Coin Flip Tutorial 1 - 6

Video (English)

Instructions (English)

Instructions (Spanish)

Printable

Coin Flip is an app that simulates the flipping of a two-sided coin. This app uses App Inventor’s random number generator and two images to simulate the coin flip. Objectives: In this lesson you will learn to:

● create an artifact that uses Randomness and simulates a model;

● create a simple model of a coin flipping;

● use random number blocks to generate a random value in a specific range;

● define a global variable and assign it an initial value;

● use a conditional statement, IF/Else, to evaluate a variable and follow an algorithm based on the value of a variable.

Click to watch Preview Video

Getting Ready

Open App Inventor with the Coin Flip Media Only template. This will open a project that contains

the images you will need in this lesson. Use the Save As option to rename your project to

CoinFlip.

Be patient. It sometimes takes a moment to retrieve and open the project.

Coin Flip Tutorial (Video Tutorial)

The Coin Flip UI

The UI for our Coin Flip app will consist of two Components: a

Button and an Image.

The Button is used to flip the coin to either heads or tails.

The Image is used to display either heads or tails when the coin

is flipped.

Adding the Button

1. Get a Button from the Palette’s User Interface category

2. Change the text

3. Set the Width to Fill Parent

Adding the Image

1. Get an Image component from the Palette’s User Interface category

2. Change the picture to heads.jpg provided in the template

Coding the Behavior

The Coin Flip app should simulate the flipping of a two-sided coin. When the user clicks the

button, the coin should be flipped and land on either heads or tails. The picture should change

to represent the side the coin lands on. A variable coin will be used to represent either heads or

tails and an If/Else statement will be used to display the correct image.

Handling the Button Click Event

Nearly all of the app’s code will be inside the Button1.Click event handler. Begin by getting a Button1.Click event handler from the Toolbox. The code for this app is as follows:

Let’s discuss how the coin variable will work.

Coin Variable

Coin will be a global variable that can have one of two values: 1 (for heads) or 2 (for tails). First initialize the variable by getting an initialize global variable block from the Toolbox. Name the variable coin and set coin to heads by giving it an initial value of 1. Now each time Button1 is clicked, coin should ‘flip’ and randomly ‘land’ on 1 (heads) or 2 (tails). To do this, you will need to get a setter block for coin from the Toolbox.

Pause for a moment and let’s discuss randomness.

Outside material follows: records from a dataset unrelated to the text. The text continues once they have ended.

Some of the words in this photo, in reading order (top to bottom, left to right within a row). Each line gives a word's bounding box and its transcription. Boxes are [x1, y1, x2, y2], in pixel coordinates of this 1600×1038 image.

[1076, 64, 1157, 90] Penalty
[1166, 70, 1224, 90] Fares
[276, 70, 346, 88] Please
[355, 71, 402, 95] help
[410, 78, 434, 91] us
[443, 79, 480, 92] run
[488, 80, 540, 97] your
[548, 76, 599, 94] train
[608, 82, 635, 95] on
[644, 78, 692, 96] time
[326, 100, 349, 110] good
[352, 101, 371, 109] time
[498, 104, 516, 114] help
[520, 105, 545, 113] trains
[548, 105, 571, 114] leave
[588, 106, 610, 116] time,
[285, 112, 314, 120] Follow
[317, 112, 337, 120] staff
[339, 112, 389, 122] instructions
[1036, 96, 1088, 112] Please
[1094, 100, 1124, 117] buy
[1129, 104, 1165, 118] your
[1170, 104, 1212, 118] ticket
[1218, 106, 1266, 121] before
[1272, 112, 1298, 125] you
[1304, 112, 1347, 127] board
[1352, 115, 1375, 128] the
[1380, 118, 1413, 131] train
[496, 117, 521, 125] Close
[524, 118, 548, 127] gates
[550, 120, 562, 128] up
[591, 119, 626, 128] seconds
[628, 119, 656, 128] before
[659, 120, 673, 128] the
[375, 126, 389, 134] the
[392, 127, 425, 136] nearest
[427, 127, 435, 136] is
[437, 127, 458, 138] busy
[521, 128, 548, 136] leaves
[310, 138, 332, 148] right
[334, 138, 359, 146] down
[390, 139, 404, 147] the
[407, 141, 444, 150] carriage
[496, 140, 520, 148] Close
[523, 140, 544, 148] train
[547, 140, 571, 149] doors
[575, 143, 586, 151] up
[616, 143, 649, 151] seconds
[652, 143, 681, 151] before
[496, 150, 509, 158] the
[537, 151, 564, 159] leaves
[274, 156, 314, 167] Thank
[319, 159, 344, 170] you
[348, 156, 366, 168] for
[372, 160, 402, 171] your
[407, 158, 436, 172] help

Randomness in App Inventor

To randomly set the value of coin to be either 1 or 2, you will need to use App Inventor’s random integer block. App Inventor has several blocks for randomness in the Toolbox’s Math drawer. You may have already seen and used these blocks when you completed the AndroidMash app.

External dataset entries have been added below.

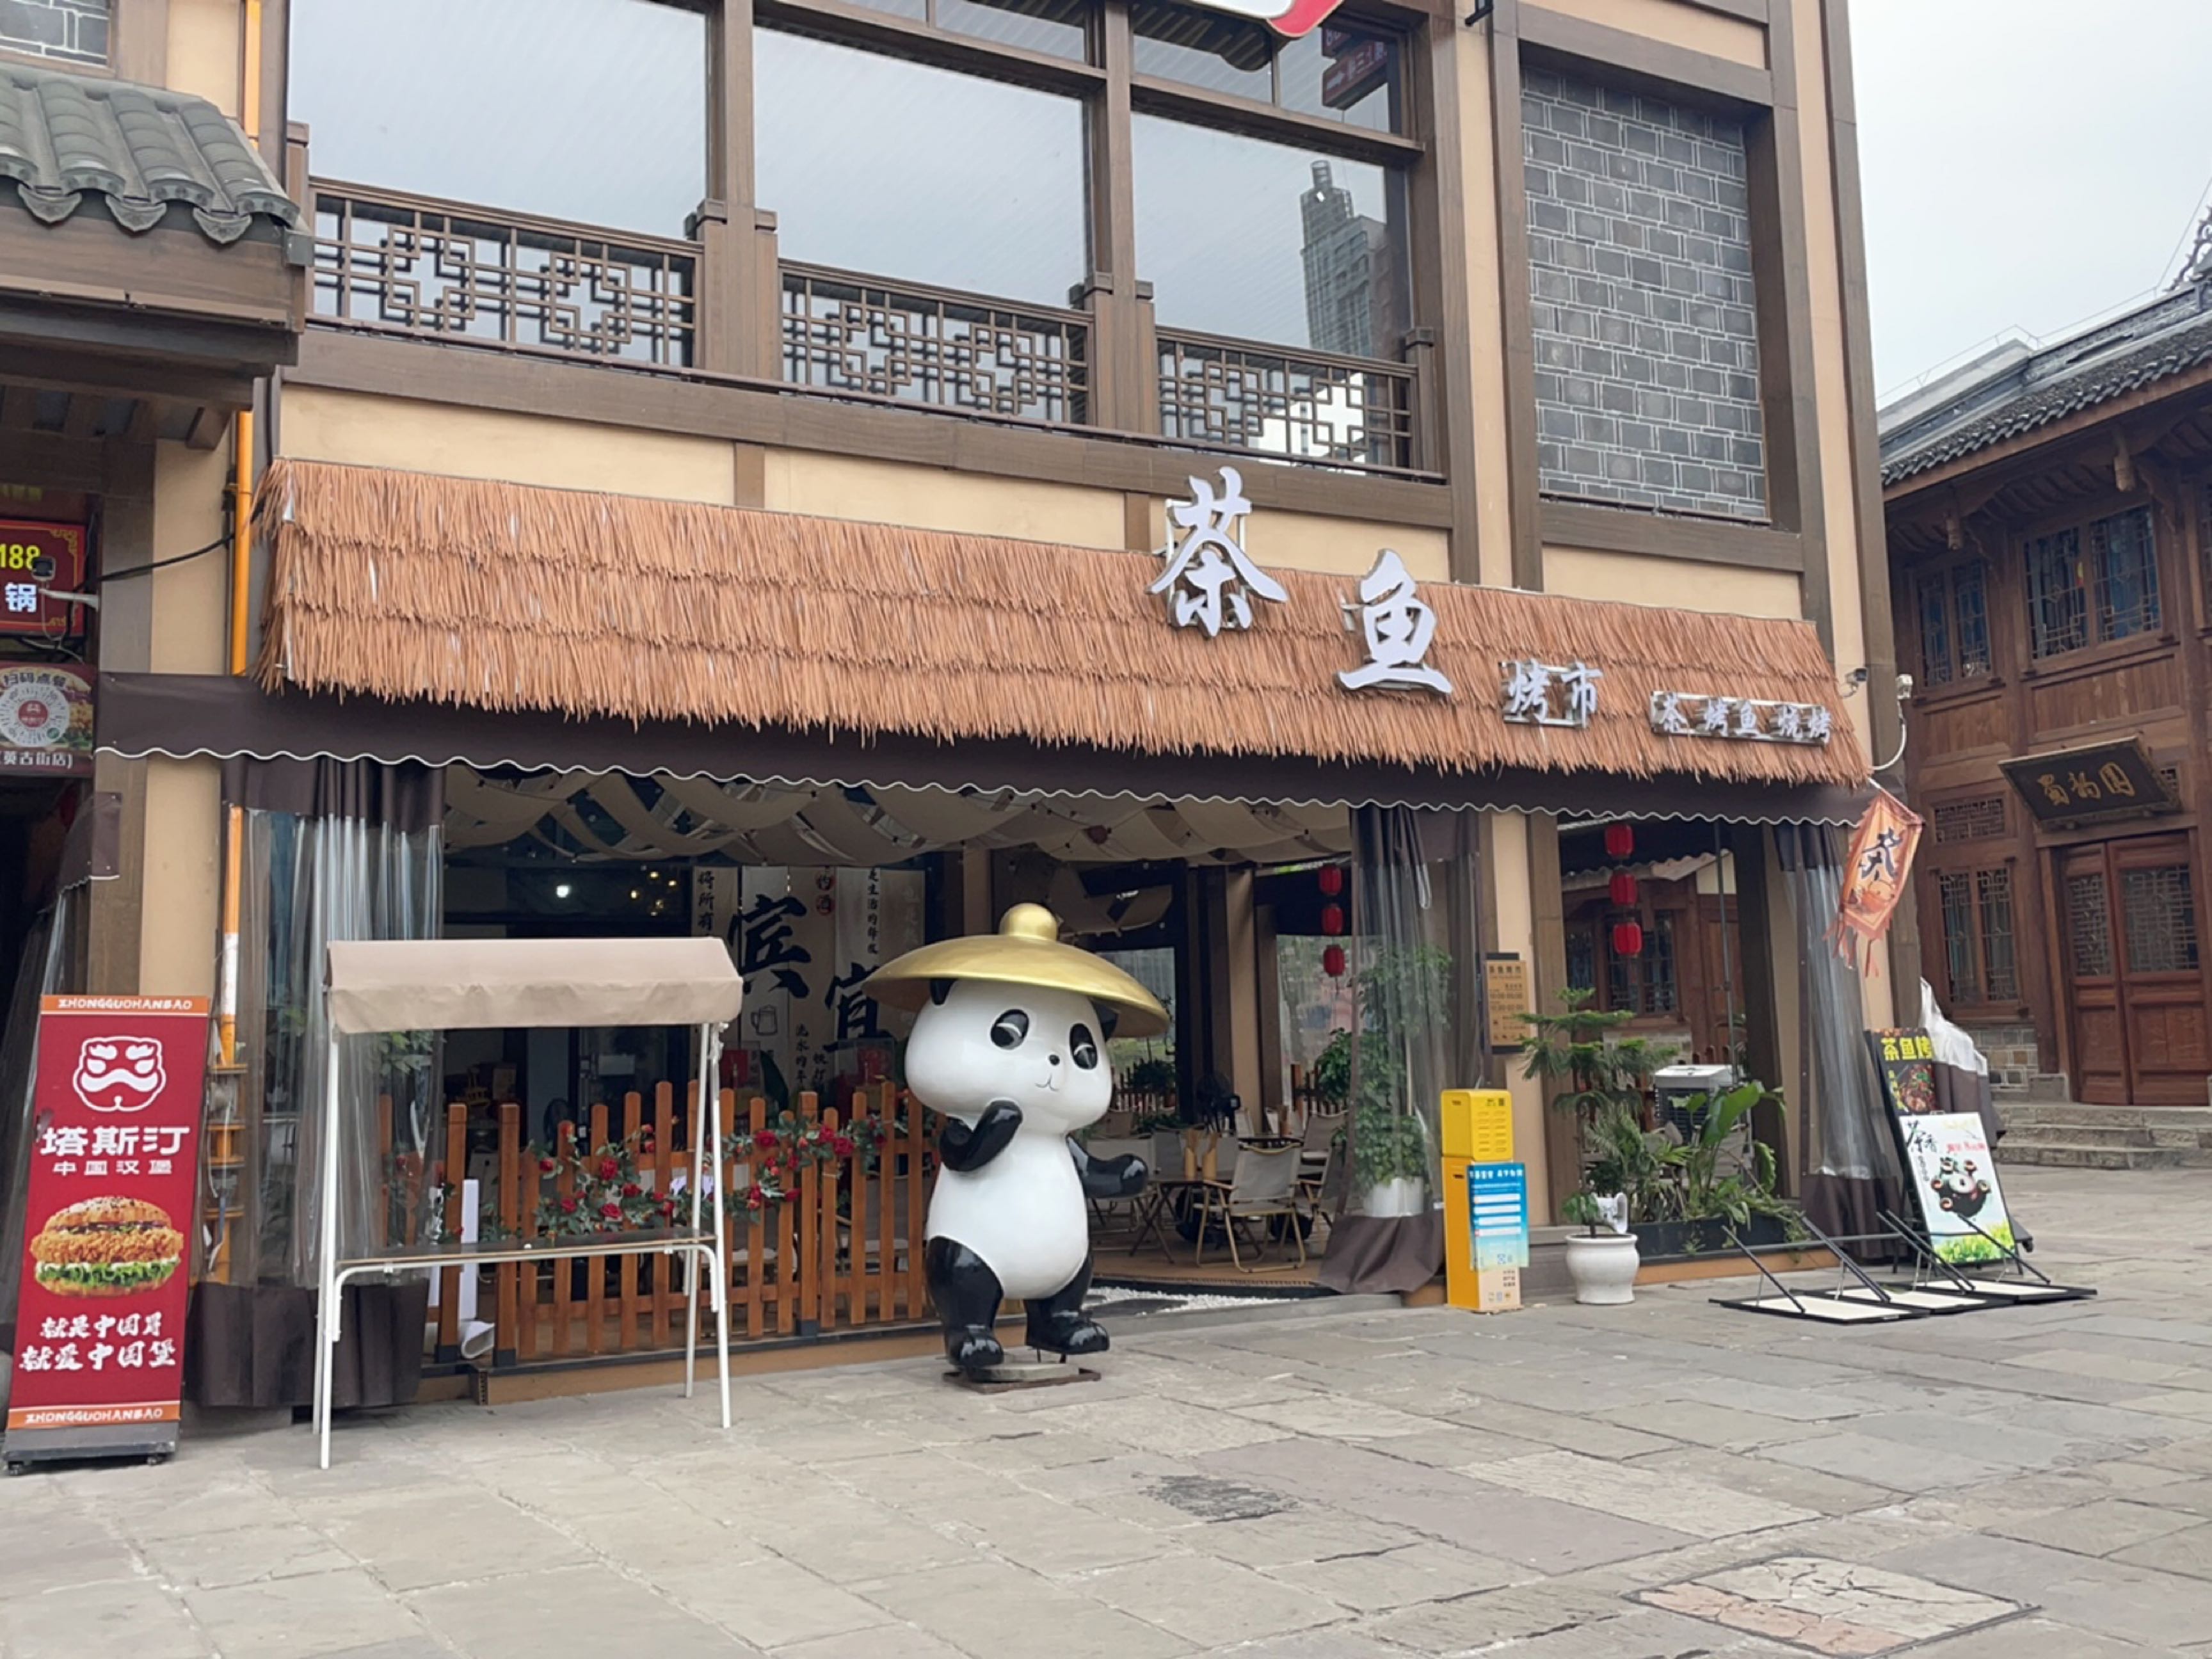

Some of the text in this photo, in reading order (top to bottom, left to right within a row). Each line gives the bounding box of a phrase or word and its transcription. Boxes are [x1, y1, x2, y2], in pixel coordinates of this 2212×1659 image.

[5, 582, 36, 613] 锅
[1507, 660, 1602, 722] 烤市
[58, 998, 193, 1010] ZHONGGUOHANBAO
[40, 1126, 190, 1157] 塔斯汀
[52, 1159, 172, 1176] 中国汉堡
[40, 1311, 162, 1338] 就是中国胃
[19, 1338, 176, 1372] 就爱中国堡
[26, 1408, 163, 1424] ZHONGGUOHANBAO

1. Random Fraction: Randomly selects a number between 0 and 1 (not including 1):

2. Random Integer: Randomly selects a number between two specified integers, inclusive:

Get the random integer block from the Toolbox and plug it into the coin setter block. Then,

specify the range to be from 1 to 2 using the number blocks that are provided.

Now, if you were to click the button, coin would ‘flip’ and randomly ‘land’ on 1 (heads) or 2 (tails)

but you would only see the heads.jpg image on your screen. Let’s use an If/Else statement to

determine when heads.jpg should be shown and when tails.jpg should be shown.

If/Else Statement

If you are already comfortable in your understanding of the if/else statement, you could skip this

section of the tutorial. But it may be useful to review this information anyway.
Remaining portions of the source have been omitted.